Masal bu ya

Denizle sohbet edenlerin fısıltılarını deniz kabukları saklarmış. Sahile vuran kabuklar aslında öğrenilmeye hazır hayatlarmış. Öyle hayatlarmış ki bunlar, zamana fazla bulaşmış olanlar, en sonunda bir inciye dönüşecek kadar değerlenirmiş. Onu bulanı, kulağına dayayanı sevindirirmiş. Ay, bulutları silkelermiş üstünden de yakamoz, şahidi olurmuş bu birlikteliğin. Tamamlanamamış kısa cümleler bir uğultu bırakırmış kulaklarda. Deniz bazen öfkelenirmiş duyduklarından. Yükseltip dalgalarını, sahte pırıltılar yerini gerçek paslanmışlıklara bırakana kadar kenara haşince vururmuş. Balıklar habersiz, savrulmalardan şaşkın… Bazen anlatılanlara yıldızlardan bazıları dayanamaz kendini yeryüzüne bırakırmış. Bir kayığı sıyırıp düştüğü yer, deniz. Yıldızların suyla sönüşünün sonucunda bir duman kütlesi belirirmiş. O duman yükselir, havaya resimler çizermiş. Dumandan resimler yeryüzüne yayılıp küçük çocukların koridorun sonunda gördükleri karartı haline gelirlermiş. İnsanların içlerindeki karartı çocukların hayal güçlerine atılmış bir iftiraymış esasında. Yine aynı ürpertiyle odasına koşan bir çocuk, ikna etmiş kendini yatağının altında kimsenin saklanmadığına. Bir büyük, günahını fısıldar, bir yıldız intihara atlar, yükselen duman kâbus olur çocuklara bulaşırmış. Çocuklar için yaşanılacak bir dünya masallarda da mı kalmamış? 

Sürrealizmin cirit attığı bu dünyada masallara inanmayan büyüklerin bile aklı beş karış havadaymış aslında.

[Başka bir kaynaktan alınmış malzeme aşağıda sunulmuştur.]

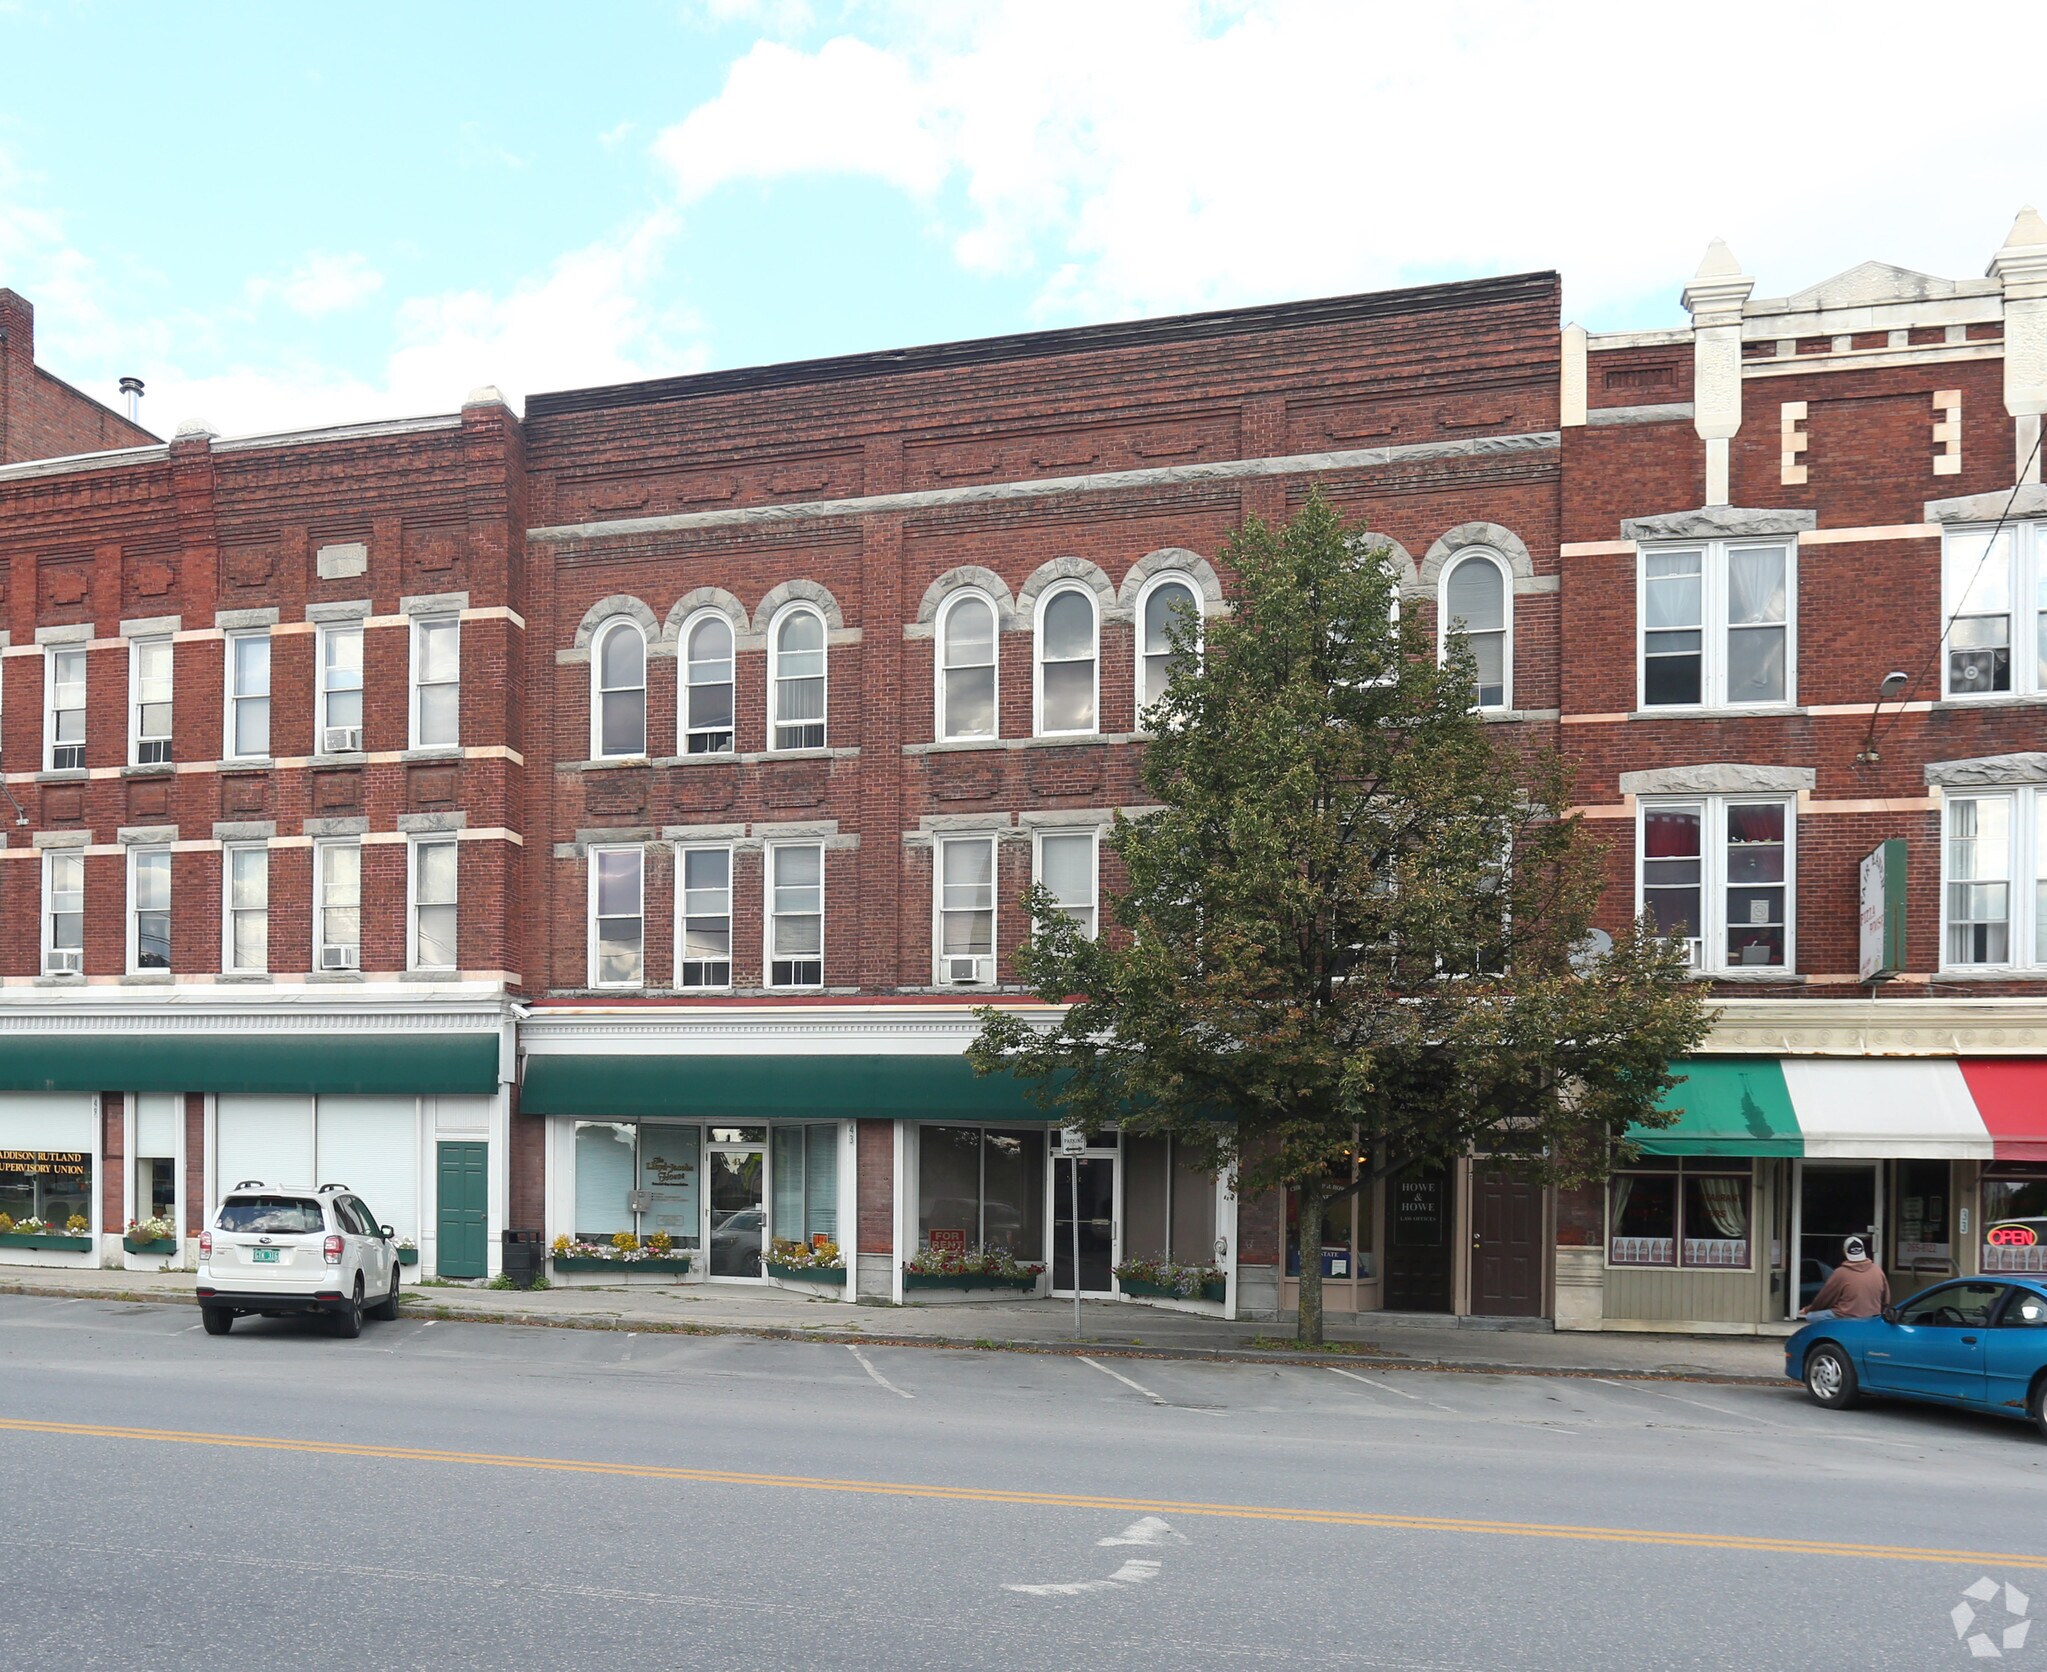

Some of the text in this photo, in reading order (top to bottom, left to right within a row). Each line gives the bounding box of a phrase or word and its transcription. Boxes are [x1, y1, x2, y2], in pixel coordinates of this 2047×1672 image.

Beş karış yükseklikte, zihinleri boyuttan boyuta atlarken de aşağıdakilere emirler yağdırırmış. Mutlu sonu getirecek bir karakter doğmamış henüz kalemimden. Çünkü evvel zamanda değil, ahir zamanda tekrarlanan bir masalmış bu. Anlatan izini bırakmadan gidermiş de dinleyenin idrakine anlatılandaki gerçeklik bulaşır kalırmış. Kısacası tozunu almalıymış yepyeni umutları gerçek mesajlarda aramanın; biyolojik bir robot değil, manalar yüklü bir sanat eseri olduğunu anlamanın…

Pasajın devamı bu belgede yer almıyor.